I do consider myself creative—art and music have always been interests of mine. I played several instruments when I was in school. Now, living in an apartment in New York City, it’s hard to practice without disturbing all my neighbors. I have studied flamenco dance, drawing, and sculpting in the last few years. Sculpting is definitely a passion of mine.
Did the inspiration to write A Map of the Known World come from something that actually happened to you or someone you know?
My grandmother, Bessie Sandell, passed away about half a year before I decided to write this book. Losing her affected me very deeply, and while the loss of a grandmother isn’t the same as losing a sibling, and my family didn’t undergo the same sort of grieving process as Cora’s, I did want to find a productive and creative way of dealing with and trying to understand my own remorse and grief. Writing and art have always been an outlet for me. So I decided to use my writing to explore my own feelings and in doing so, create a character who uses art to deal with her own emotions.
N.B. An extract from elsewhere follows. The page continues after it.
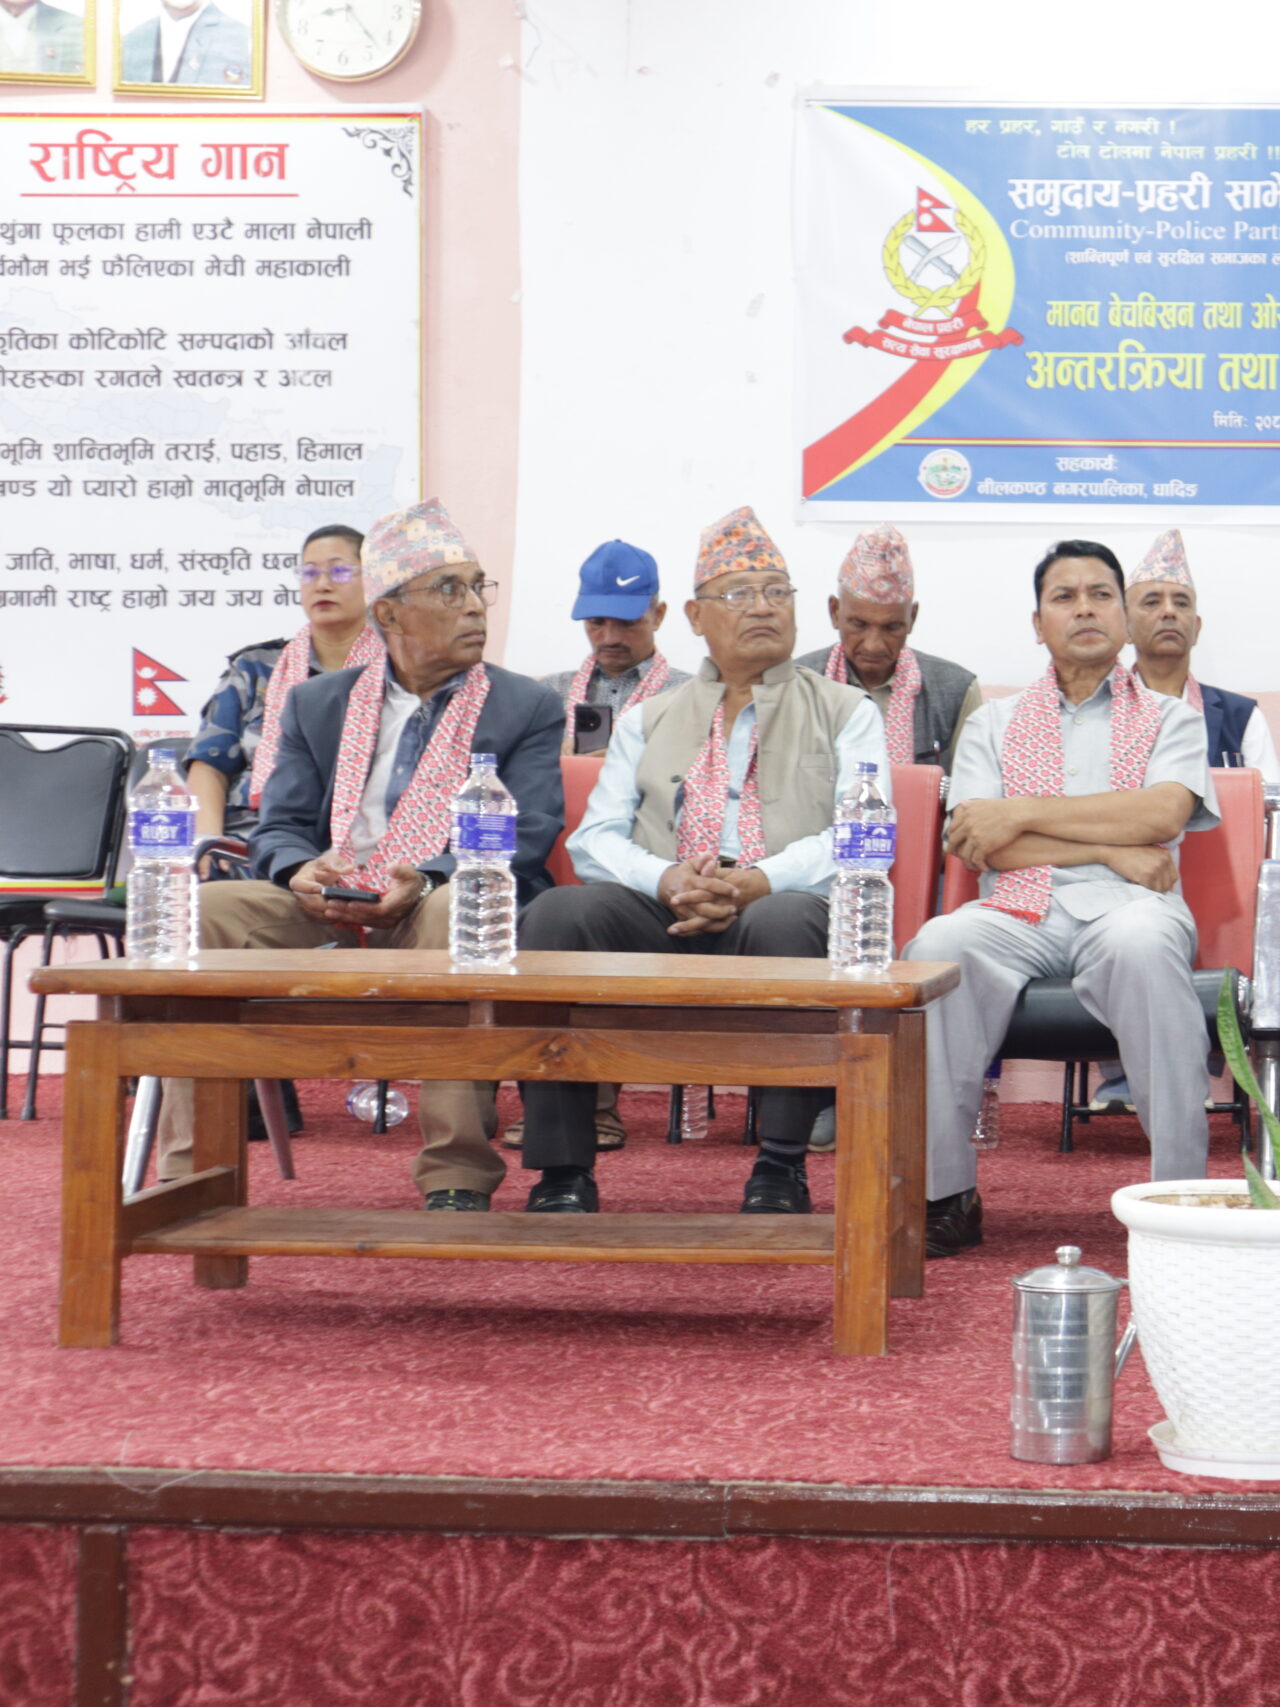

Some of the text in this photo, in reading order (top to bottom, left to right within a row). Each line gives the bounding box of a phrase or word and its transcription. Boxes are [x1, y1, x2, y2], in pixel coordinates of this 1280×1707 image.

Cora dreamed of traveling all over the world. Where have you traveled? Where else do you plan to or want to travel to in the future?
I love to travel. I’ve been super lucky and had the opportunity to see lots of amazing places. Some of the countries I’ve spent time in: Spain, France, Portugal, England, Scotland, Ireland, Italy, Czech Republic, Hungary, Canada, Mexico, Israel, Jordan, Egypt, China, Mongolia, Russia, and this winter, my husband and I are planning a trip to India and Bhutan. I can’t wait! Next, I’d love to visit Thailand, Vietnam, and Cambodia someday. Plus, I’d love to go back to some of these countries and spend more time…oh, there are so many places to go!
A Map of the Known World was set in a small town. Did you grow up or live in a small town? If so, did it have the same effect on you that it did on Cora?
I grew up in a smallish or medium-sized town in a very small state. And while I don’t think I felt quite as suffocated as Cora does, I certainly longed to get out and to see and explore more of the world. Now that I’ve been out and about and seen some of the rest of the world, I love my hometown very much.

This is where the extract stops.